The absence of collinear relationship between genome size and microsatellite incidence is suggestive of their existence in a yet to be elucidated basis, as indicated by earlier studies on Ebolavirus, Alphavirus, Human Papillomavirus (HPV), Potexvirus, Carlaviruses, and Tobamovirus (17-23). These variations might be associated with the ability to expand their host range as observed for L5-like viruses (24). Also, keeping in mind that the number of protein encoding genes is constant for members of a particular virus species, the differential distribution of SSRs introduces variable potential in the genomes to evolve through copy number and sequence alterations. This is indeed the case for the virus world wherein a few members of any species have evolved faster than others.

3.2. Relative Abundance and Relative Density of SSR and cSSR

Relative Abundance (RA) = Number of SSRs/Size of genome in Kb

Relative Density (RD) = Total length covered by SSRs/Size of genome in Kb.

The RA of SSR ranged from 4.3 (S8) to 5.13(S7) and for cSSR, this ranged from 0.19 (S13) to 0.44 (S12) (Table 1, Figures 2 and 3). The RD of SSR ranged from 28.27 (S8) to 33.76 (S7) and for cSSR, this ranged from 0.36 (M53) to 5.76 (M52) (Table 1, Figures 2 and 3). The RA and RD in Staphylococcus phages is a representation of genomes being constituted of microsatellites and values therein are indicative of potential for genome evolution (25). This refers to the role of repeat sequences in inducing genome variations.

Relative Abundance and Relative Density of SSRs
Relative Abundance and Relative Density of SSRs
Relative Abundance and Relative Density of cSSRs
Relative Abundance and Relative Density of cSSRs

3.3. dMAX and cSSR

dMAX is defined as the maximum permissible distance between any 2 adjacent microsatellites and is used as a benchmark to classify cSSR (9). The reported cSSR so far had a dMAX value of 10 as mentioned in section 2.2. The current analysis was further extended by changing the dMAX value between 0 and 50 (26), in order to determine its impact on cSSR incidence on 5 randomly selected genomes, S1, S4, S8, S12, and S16. As expected, there was an increase in cSSRs percentage with higher dMAX in the studied genomes (Figure 4). However, the increase was neither linear nor uniformly proportional across the genomes.
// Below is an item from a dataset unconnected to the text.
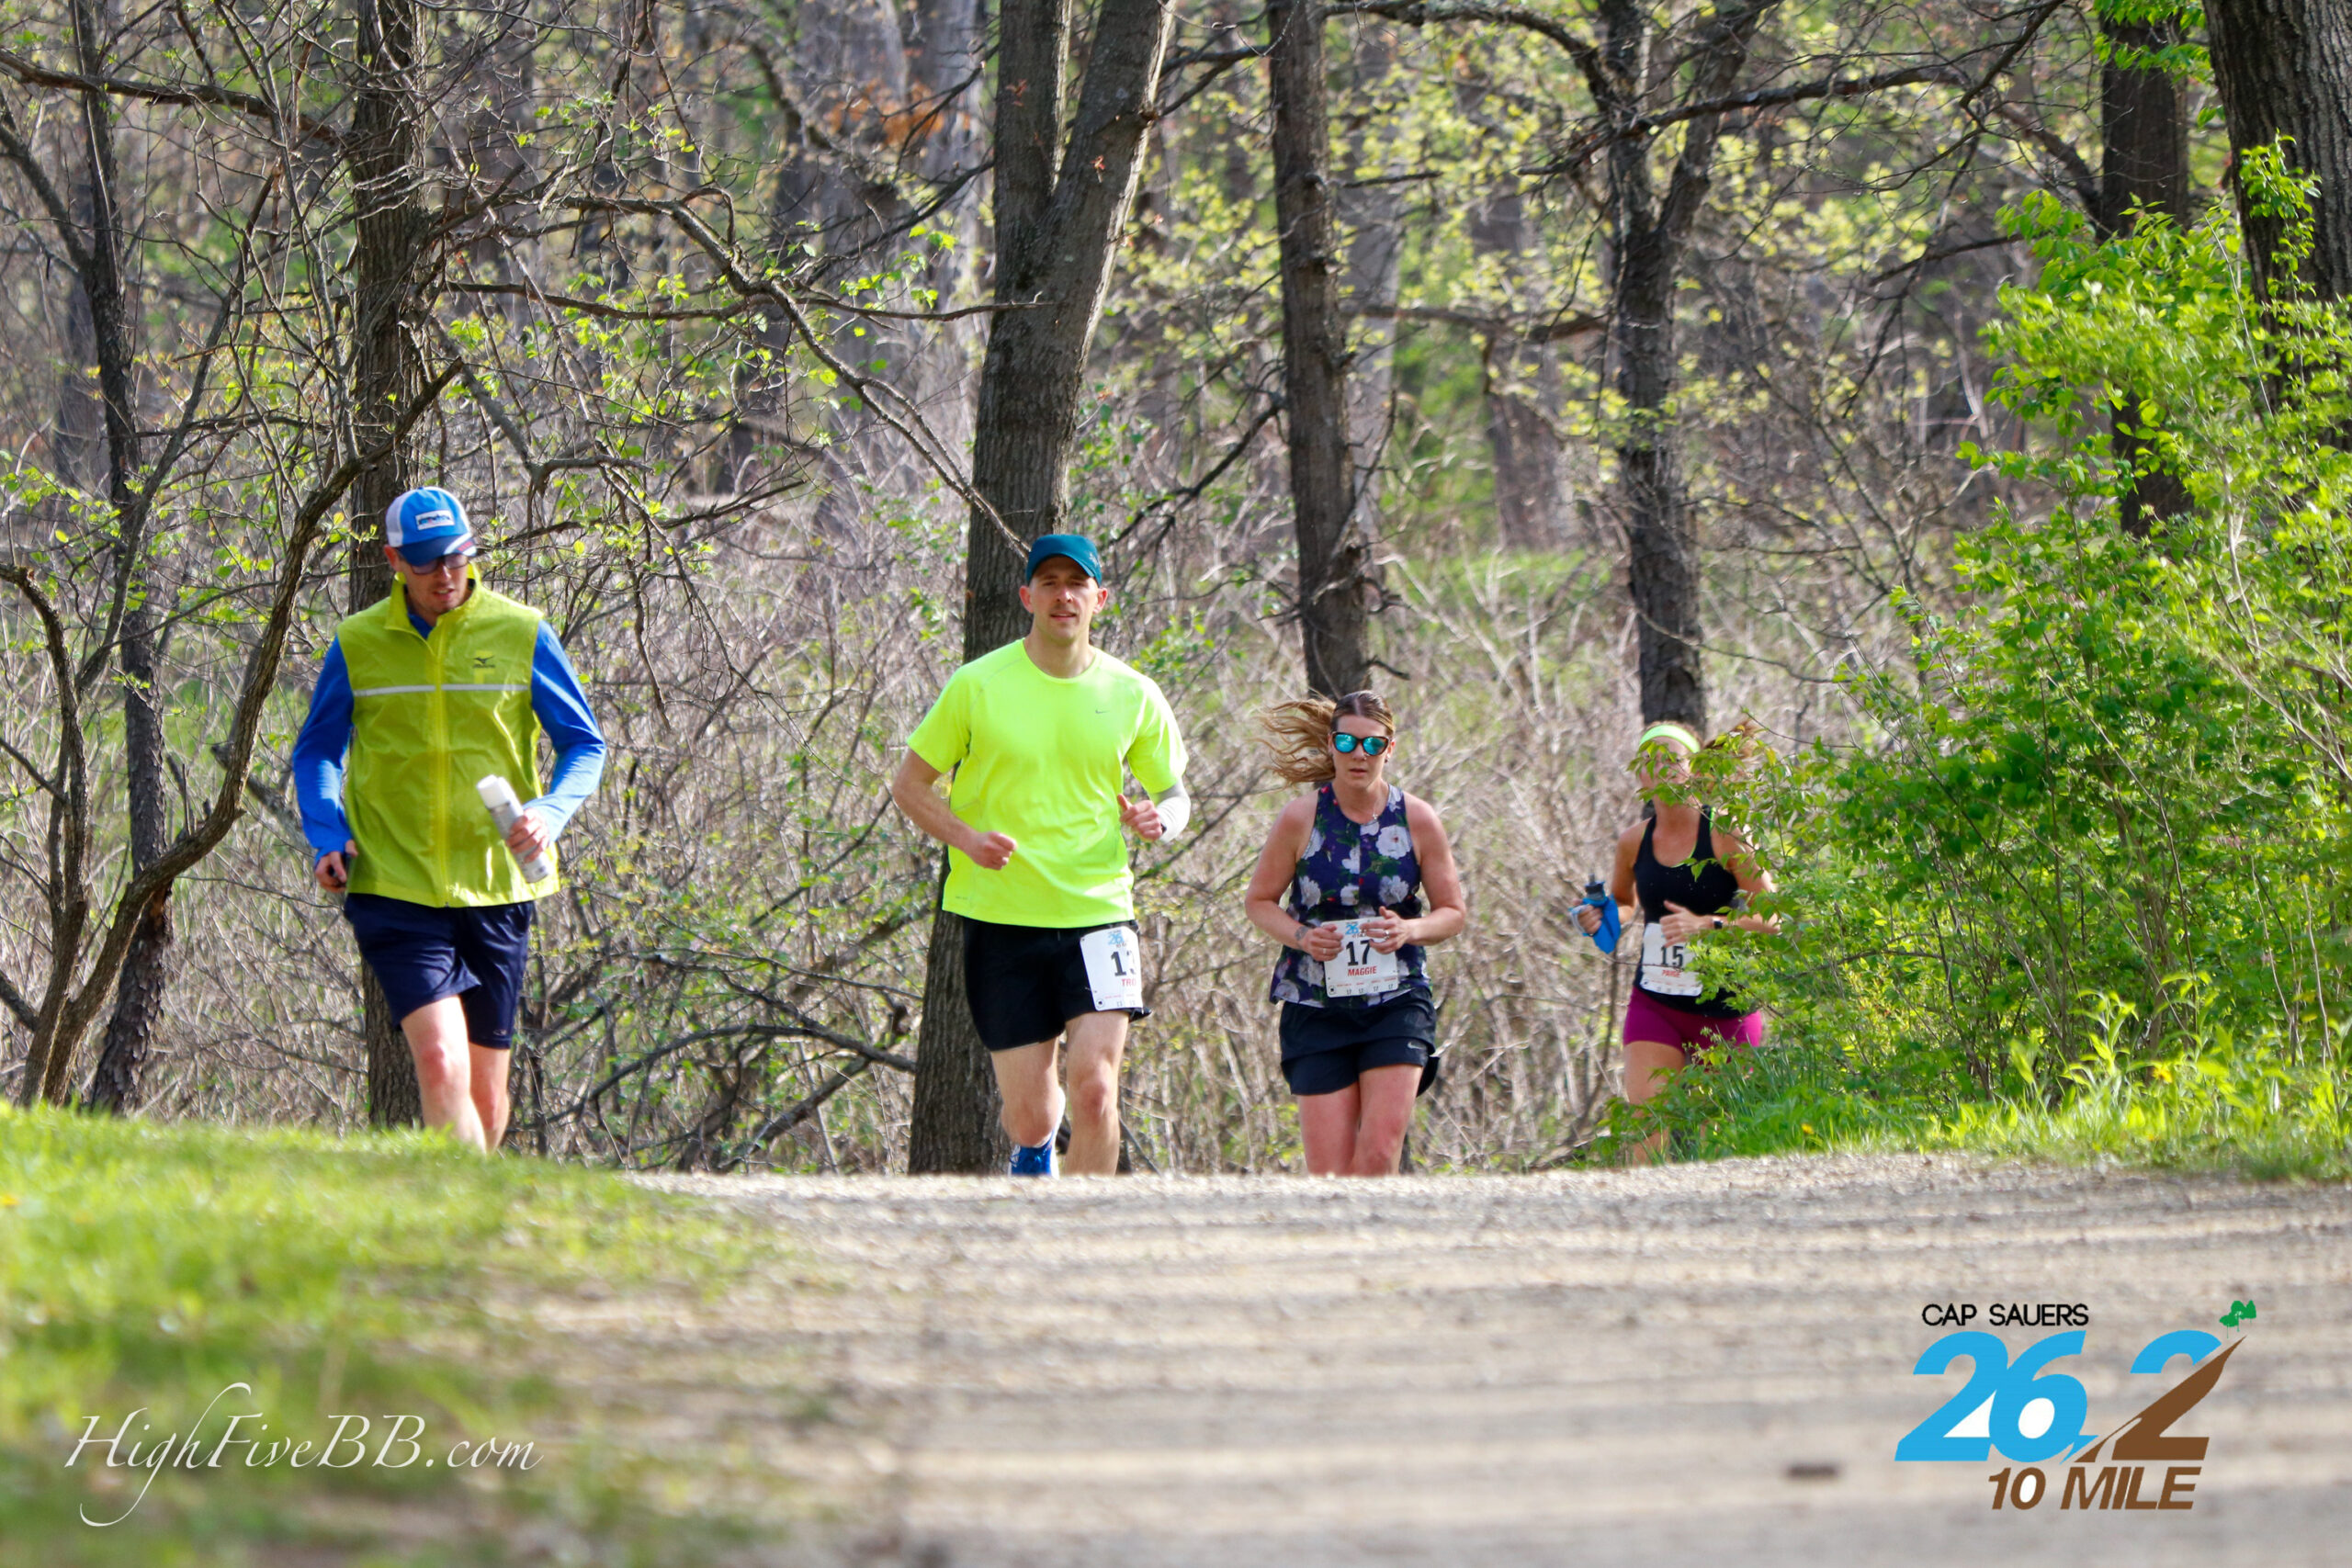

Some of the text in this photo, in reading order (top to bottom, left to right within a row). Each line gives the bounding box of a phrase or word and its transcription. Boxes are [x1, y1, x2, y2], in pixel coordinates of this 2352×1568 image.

[1346, 940, 1374, 966] 17
[1661, 945, 1684, 968] 15
[1348, 966, 1377, 976] MAGGIE
This non-linearity is suggestive of unequal distribution of SSRs as in the distance between one iteration to another is variable leading to unequal increase in cSSR percentage for the same increase in dMAX. The ability of repeat motifs to induce variations is often dependent on its proximity to other motifs and non-uniformity, therein indicates the possible variance in evolution potential of different parts of the same genome.
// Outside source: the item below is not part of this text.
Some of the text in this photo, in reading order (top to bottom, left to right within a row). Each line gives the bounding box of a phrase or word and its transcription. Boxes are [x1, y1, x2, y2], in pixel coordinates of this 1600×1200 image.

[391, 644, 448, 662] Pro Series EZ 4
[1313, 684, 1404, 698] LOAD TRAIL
Variation in cSSR-Percentage With Reference to Varying dMAX (10 to 50) Across Five Randomly Selected Genomes
Variation in cSSR-Percentage With Reference to Varying dMAX (10 to 50) Across Five Randomly Selected Genomes

3.4. Motif types and Iterations

The divergence of repeat motifs extracted from Staphylococcus phage genomes ranged from mono- to hexa-nucleotides. The prevalent frequency of repeat motifs in each category is a reflection of the GC content of the genome, as indeed is the case here. The most prevalent mononucleotide motif was A repeat with an average distribution of over 65 while T comes a distant second with almost one-fourth of average distribution of A as represented in Figure 5A. The G and C mononucleotide motifs were least represented. The AT/TA were the most prevalent dinucleotide repeats with an average distribution of ~60 (Figure 5C) whilst AAG/GAA was the most represented in the trinucleotide category (Figure 5C). This marks an exception as the most represented trinucleotide motif is not solely comprised of A/T. Furthermore, the overall prevalence of cSSRs and its constituent motifs have been summarized in Figure 6.
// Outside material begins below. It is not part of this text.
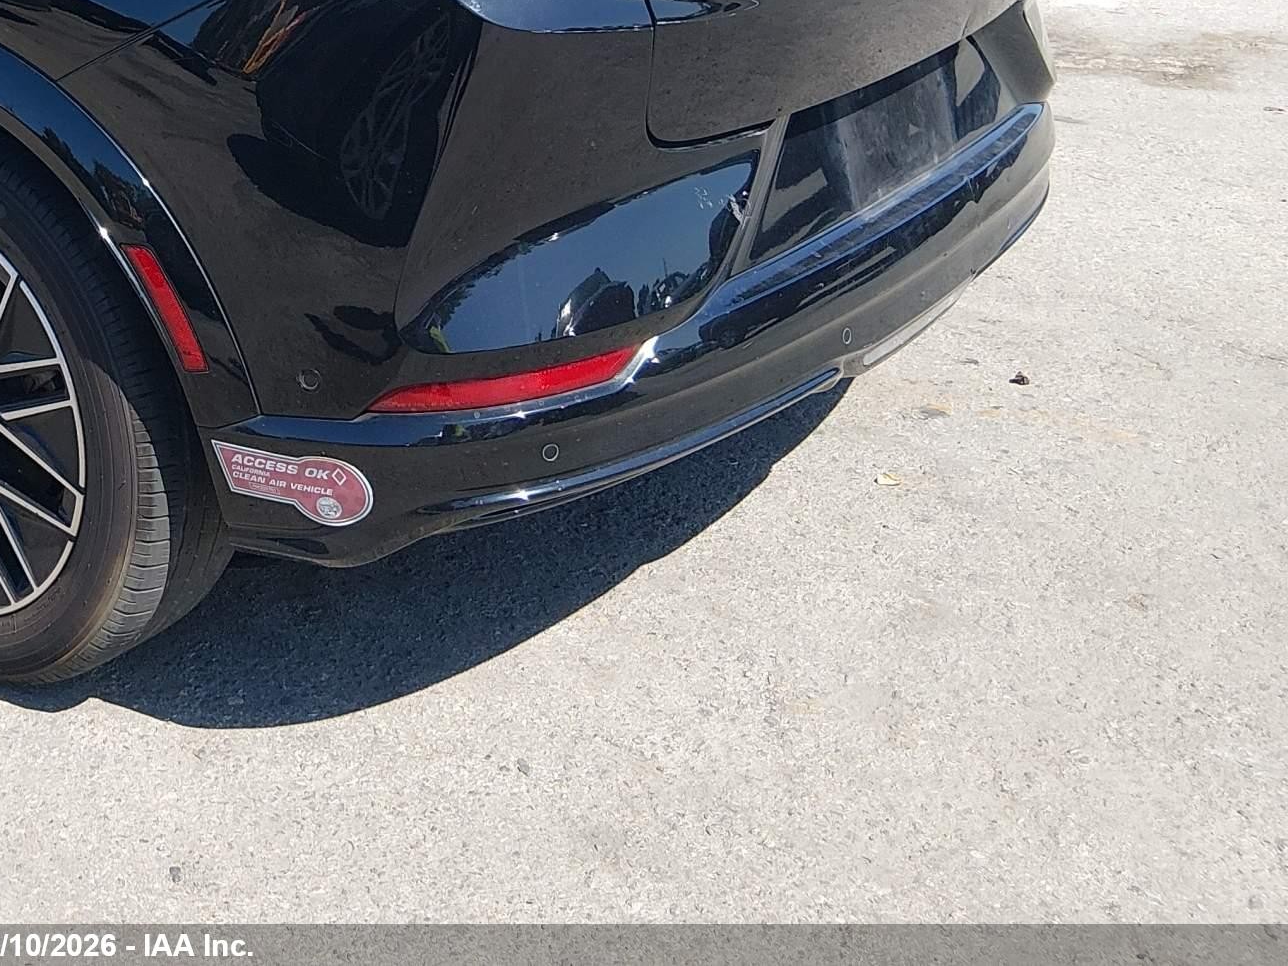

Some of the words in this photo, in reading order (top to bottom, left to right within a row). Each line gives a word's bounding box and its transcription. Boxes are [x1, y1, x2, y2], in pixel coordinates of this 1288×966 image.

Average Distribution of Repeat Motifs
A) Mono-nucleotides; B, di-nucleotides; and c, tri-nucleotides. This figure illustrates the average prevalence of repeat motifs across studied genomes. Notice the prevalence of “A” (Mono- nucleotides) and AT/TA (Di-nucleotides). However, AAC/CAA and AGA exhibited similar frequencies amongst the tri-nucleotides.
Prevalence of cSSR Along With its Constituent Motifs
Notice the variations in incidence frequencies of observed cSSRs ranging from 14.55% to 2.82%. The details of the observed cSSRs have been listed in the box wherein “x” stands for any nucleotide between the two SSRs of a cSSR and the subscript number represents the number of nucleotides therein.

This research subsequently explored the number of iterations present at a stretch. A maximum of 8 repeats were present for mono-nucleotide A in several species. The di-nucleotide repeat motifs AT/TA and AG/GA had the highest iteration of 5 observed in S17, S19, and S21 (Supplementary file 1).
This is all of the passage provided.